Dataset
━━━━━━━━━━━━━━━━

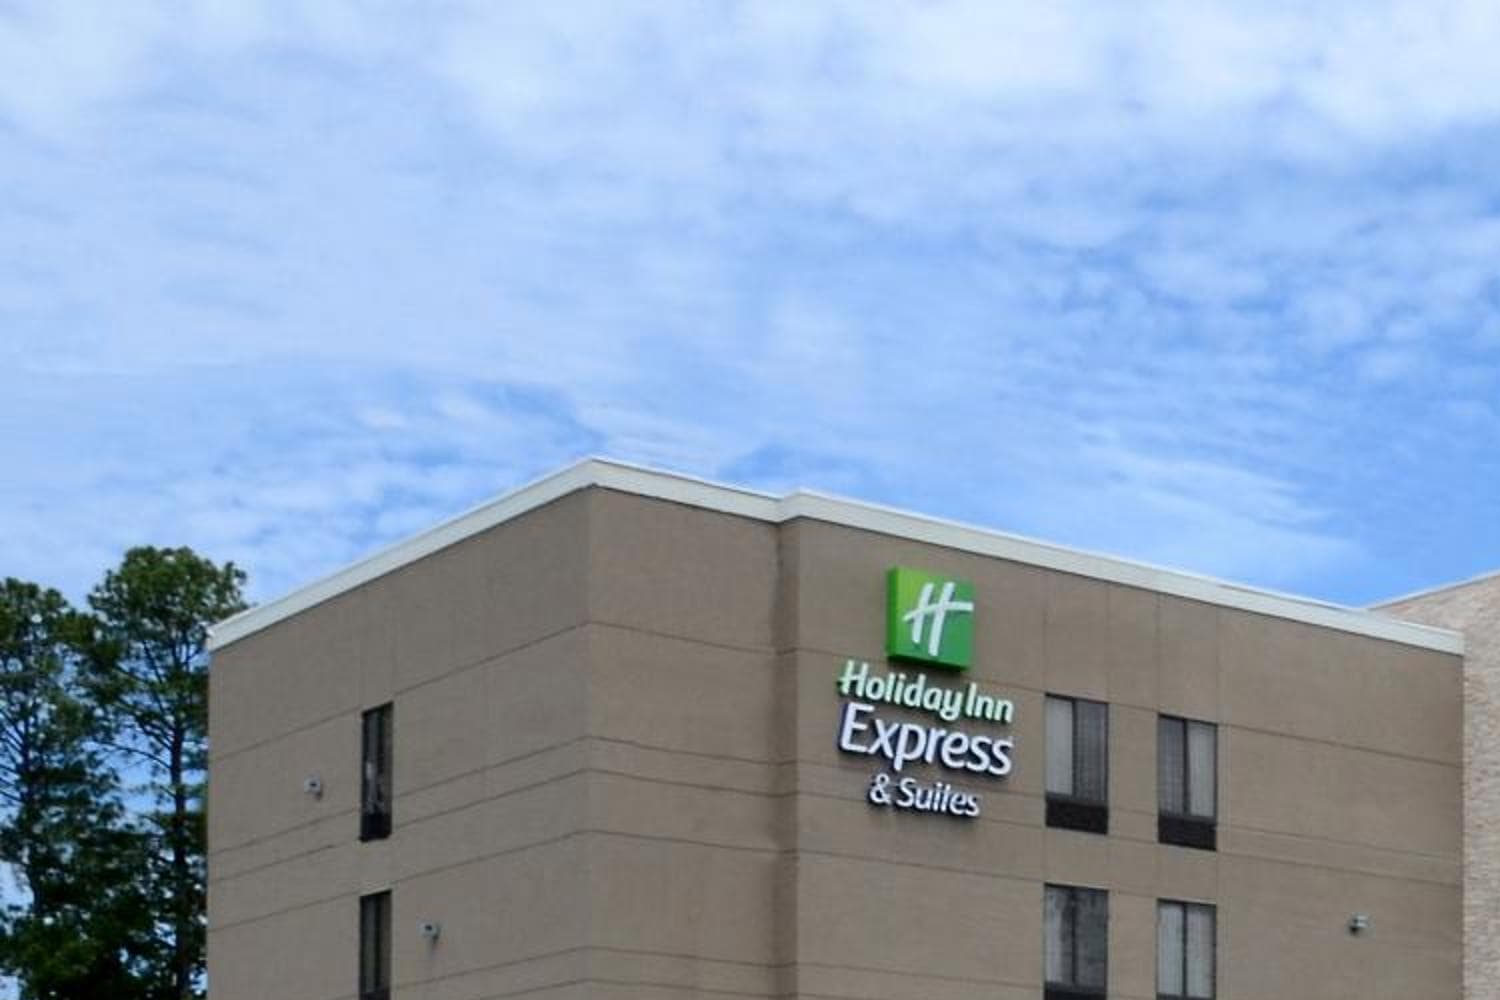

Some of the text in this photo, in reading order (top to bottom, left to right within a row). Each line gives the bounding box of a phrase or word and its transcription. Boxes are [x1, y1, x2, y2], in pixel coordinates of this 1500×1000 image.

[838, 660, 1014, 723] Holiday Inn
[841, 702, 1014, 775] Express
[869, 773, 980, 817] & Suites
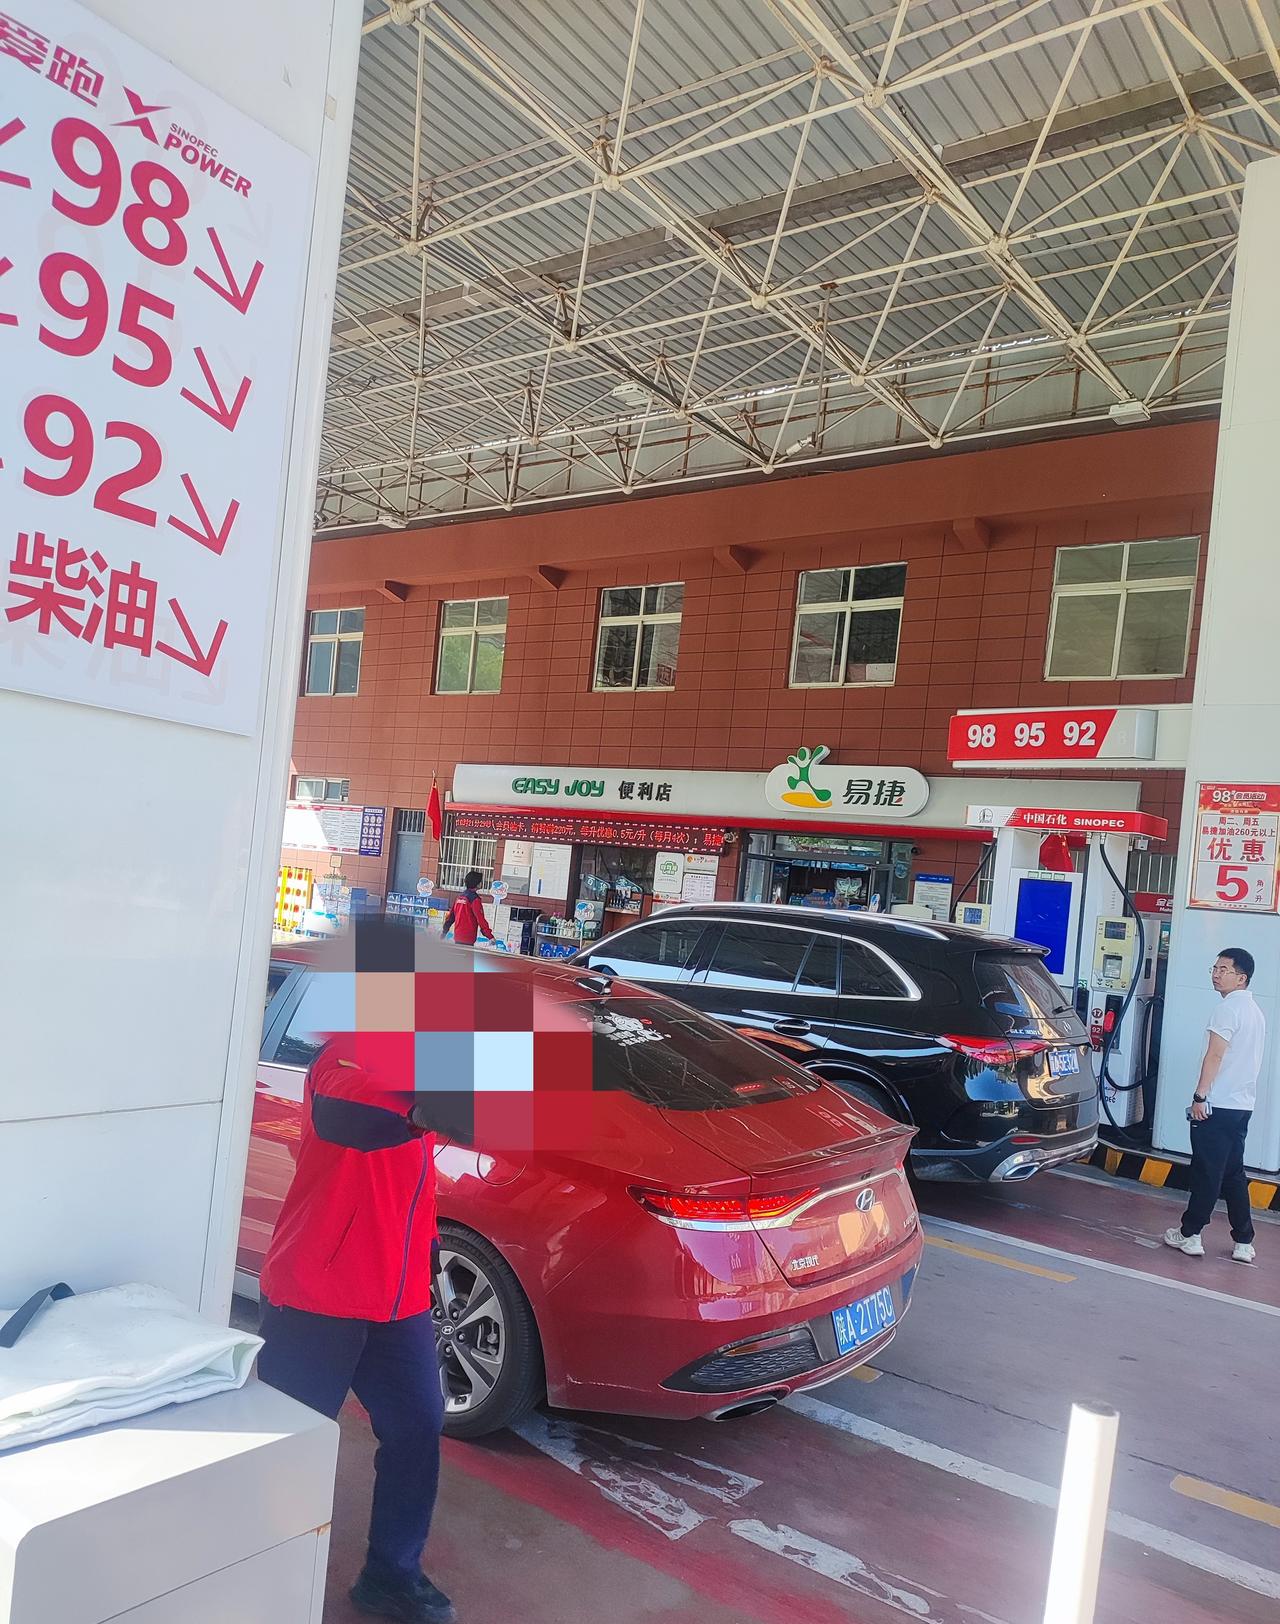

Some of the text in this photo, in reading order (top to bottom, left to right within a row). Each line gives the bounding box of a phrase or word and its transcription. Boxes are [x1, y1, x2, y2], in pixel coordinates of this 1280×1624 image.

━━━━━━━━━━━━━━━━

Work request
The records above are to be restated exactly, with all pictures omitted.

Result
Some of the text in this photo, in reading order (top to bottom, left to right within a row). Each line gives the bounding box of a phrase or word and its transcription. Boxes are [x1, y1, x2, y2], in pixel coordinates of this 1500×1000 image.

[838, 660, 1014, 723] Holiday Inn
[841, 702, 1014, 775] Express
[869, 773, 980, 817] & Suites

Some of the text in this photo, in reading order (top to bottom, left to right within a row). Each line gives the bounding box of a phrase or word and its transcription. Boxes are [x1, y1, x2, y2], in pixel coordinates of this 1280×1624 image.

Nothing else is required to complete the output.